_What you will do_.
Could every entry be set down once more, exactly as given?

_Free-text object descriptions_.
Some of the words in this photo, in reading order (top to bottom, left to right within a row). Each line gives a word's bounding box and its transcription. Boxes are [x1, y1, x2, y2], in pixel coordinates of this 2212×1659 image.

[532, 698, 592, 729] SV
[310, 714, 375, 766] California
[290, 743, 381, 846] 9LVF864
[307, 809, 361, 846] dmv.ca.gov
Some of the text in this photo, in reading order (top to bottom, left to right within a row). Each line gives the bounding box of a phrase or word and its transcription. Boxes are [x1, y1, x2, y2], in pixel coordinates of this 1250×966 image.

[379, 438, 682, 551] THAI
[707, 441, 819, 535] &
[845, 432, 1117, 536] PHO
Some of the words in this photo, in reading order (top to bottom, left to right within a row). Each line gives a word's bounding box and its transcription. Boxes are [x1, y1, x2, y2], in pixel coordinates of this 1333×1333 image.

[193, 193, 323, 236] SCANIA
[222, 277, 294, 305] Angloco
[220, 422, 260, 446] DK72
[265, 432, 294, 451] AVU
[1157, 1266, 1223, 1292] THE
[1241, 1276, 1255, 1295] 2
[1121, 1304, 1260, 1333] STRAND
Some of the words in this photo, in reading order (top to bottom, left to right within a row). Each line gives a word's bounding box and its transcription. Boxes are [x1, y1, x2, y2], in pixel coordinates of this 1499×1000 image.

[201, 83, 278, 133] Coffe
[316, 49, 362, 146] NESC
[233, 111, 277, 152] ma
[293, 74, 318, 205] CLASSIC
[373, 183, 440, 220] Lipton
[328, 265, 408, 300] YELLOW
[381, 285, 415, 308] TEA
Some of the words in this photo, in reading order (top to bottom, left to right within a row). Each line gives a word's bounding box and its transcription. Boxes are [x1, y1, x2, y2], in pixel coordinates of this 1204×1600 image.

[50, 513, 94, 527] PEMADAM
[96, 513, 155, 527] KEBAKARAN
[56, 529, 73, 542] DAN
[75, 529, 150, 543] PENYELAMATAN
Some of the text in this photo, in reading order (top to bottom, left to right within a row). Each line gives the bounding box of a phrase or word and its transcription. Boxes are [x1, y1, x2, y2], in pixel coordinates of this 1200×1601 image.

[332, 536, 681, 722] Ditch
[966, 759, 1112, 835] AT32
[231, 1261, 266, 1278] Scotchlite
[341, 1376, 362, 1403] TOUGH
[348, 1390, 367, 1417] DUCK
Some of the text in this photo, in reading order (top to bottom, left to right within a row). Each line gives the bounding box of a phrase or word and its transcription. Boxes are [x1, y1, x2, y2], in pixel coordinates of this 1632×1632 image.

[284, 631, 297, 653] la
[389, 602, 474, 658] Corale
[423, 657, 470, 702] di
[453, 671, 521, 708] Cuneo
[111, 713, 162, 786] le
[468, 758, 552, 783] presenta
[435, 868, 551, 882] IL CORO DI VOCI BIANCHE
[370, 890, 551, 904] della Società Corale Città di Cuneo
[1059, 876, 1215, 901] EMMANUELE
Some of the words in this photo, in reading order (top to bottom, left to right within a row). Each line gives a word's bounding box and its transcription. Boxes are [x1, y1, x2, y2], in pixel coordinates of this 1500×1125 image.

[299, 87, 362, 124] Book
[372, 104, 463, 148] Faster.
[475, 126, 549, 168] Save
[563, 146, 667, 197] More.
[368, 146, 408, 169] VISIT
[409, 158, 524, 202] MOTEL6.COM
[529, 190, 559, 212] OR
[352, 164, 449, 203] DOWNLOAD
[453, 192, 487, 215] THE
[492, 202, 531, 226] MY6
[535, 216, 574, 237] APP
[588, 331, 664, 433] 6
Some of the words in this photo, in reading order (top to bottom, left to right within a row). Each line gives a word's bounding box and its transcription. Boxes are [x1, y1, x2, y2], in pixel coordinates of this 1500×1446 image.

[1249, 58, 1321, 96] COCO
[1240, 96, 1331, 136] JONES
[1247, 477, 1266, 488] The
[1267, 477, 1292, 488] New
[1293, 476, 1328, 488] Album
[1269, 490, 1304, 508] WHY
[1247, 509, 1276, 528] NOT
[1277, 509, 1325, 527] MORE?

_Written solution_.
Some of the words in this photo, in reading order (top to bottom, left to right within a row). Each line gives a word's bounding box and its transcription. Boxes are [x1, y1, x2, y2], in pixel coordinates of this 2212×1659 image.

[532, 698, 592, 729] SV
[310, 714, 375, 766] California
[290, 743, 381, 846] 9LVF864
[307, 809, 361, 846] dmv.ca.gov
Some of the text in this photo, in reading order (top to bottom, left to right within a row). Each line gives the bounding box of a phrase or word and its transcription. Boxes are [x1, y1, x2, y2], in pixel coordinates of this 1250×966 image.

[379, 438, 682, 551] THAI
[707, 441, 819, 535] &
[845, 432, 1117, 536] PHO
Some of the words in this photo, in reading order (top to bottom, left to right within a row). Each line gives a word's bounding box and its transcription. Boxes are [x1, y1, x2, y2], in pixel coordinates of this 1333×1333 image.

[193, 193, 323, 236] SCANIA
[222, 277, 294, 305] Angloco
[220, 422, 260, 446] DK72
[265, 432, 294, 451] AVU
[1157, 1266, 1223, 1292] THE
[1241, 1276, 1255, 1295] 2
[1121, 1304, 1260, 1333] STRAND
Some of the words in this photo, in reading order (top to bottom, left to right within a row). Each line gives a word's bounding box and its transcription. Boxes are [x1, y1, x2, y2], in pixel coordinates of this 1499×1000 image.

[201, 83, 278, 133] Coffe
[316, 49, 362, 146] NESC
[233, 111, 277, 152] ma
[293, 74, 318, 205] CLASSIC
[373, 183, 440, 220] Lipton
[328, 265, 408, 300] YELLOW
[381, 285, 415, 308] TEA
Some of the words in this photo, in reading order (top to bottom, left to right within a row). Each line gives a word's bounding box and its transcription. Boxes are [x1, y1, x2, y2], in pixel coordinates of this 1204×1600 image.

[50, 513, 94, 527] PEMADAM
[96, 513, 155, 527] KEBAKARAN
[56, 529, 73, 542] DAN
[75, 529, 150, 543] PENYELAMATAN
Some of the text in this photo, in reading order (top to bottom, left to right within a row). Each line gives the bounding box of a phrase or word and its transcription. Boxes are [x1, y1, x2, y2], in pixel coordinates of this 1200×1601 image.

[332, 536, 681, 722] Ditch
[966, 759, 1112, 835] AT32
[231, 1261, 266, 1278] Scotchlite
[341, 1376, 362, 1403] TOUGH
[348, 1390, 367, 1417] DUCK
Some of the text in this photo, in reading order (top to bottom, left to right within a row). Each line gives the bounding box of a phrase or word and its transcription. Boxes are [x1, y1, x2, y2], in pixel coordinates of this 1632×1632 image.

[284, 631, 297, 653] la
[389, 602, 474, 658] Corale
[423, 657, 470, 702] di
[453, 671, 521, 708] Cuneo
[111, 713, 162, 786] le
[468, 758, 552, 783] presenta
[435, 868, 551, 882] IL CORO DI VOCI BIANCHE
[370, 890, 551, 904] della Società Corale Città di Cuneo
[1059, 876, 1215, 901] EMMANUELE
Some of the words in this photo, in reading order (top to bottom, left to right within a row). Each line gives a word's bounding box and its transcription. Boxes are [x1, y1, x2, y2], in pixel coordinates of this 1500×1125 image.

[299, 87, 362, 124] Book
[372, 104, 463, 148] Faster.
[475, 126, 549, 168] Save
[563, 146, 667, 197] More.
[368, 146, 408, 169] VISIT
[409, 158, 524, 202] MOTEL6.COM
[529, 190, 559, 212] OR
[352, 164, 449, 203] DOWNLOAD
[453, 192, 487, 215] THE
[492, 202, 531, 226] MY6
[535, 216, 574, 237] APP
[588, 331, 664, 433] 6
Some of the words in this photo, in reading order (top to bottom, left to right within a row). Each line gives a word's bounding box and its transcription. Boxes are [x1, y1, x2, y2], in pixel coordinates of this 1500×1446 image.

[1249, 58, 1321, 96] COCO
[1240, 96, 1331, 136] JONES
[1247, 477, 1266, 488] The
[1267, 477, 1292, 488] New
[1293, 476, 1328, 488] Album
[1269, 490, 1304, 508] WHY
[1247, 509, 1276, 528] NOT
[1277, 509, 1325, 527] MORE?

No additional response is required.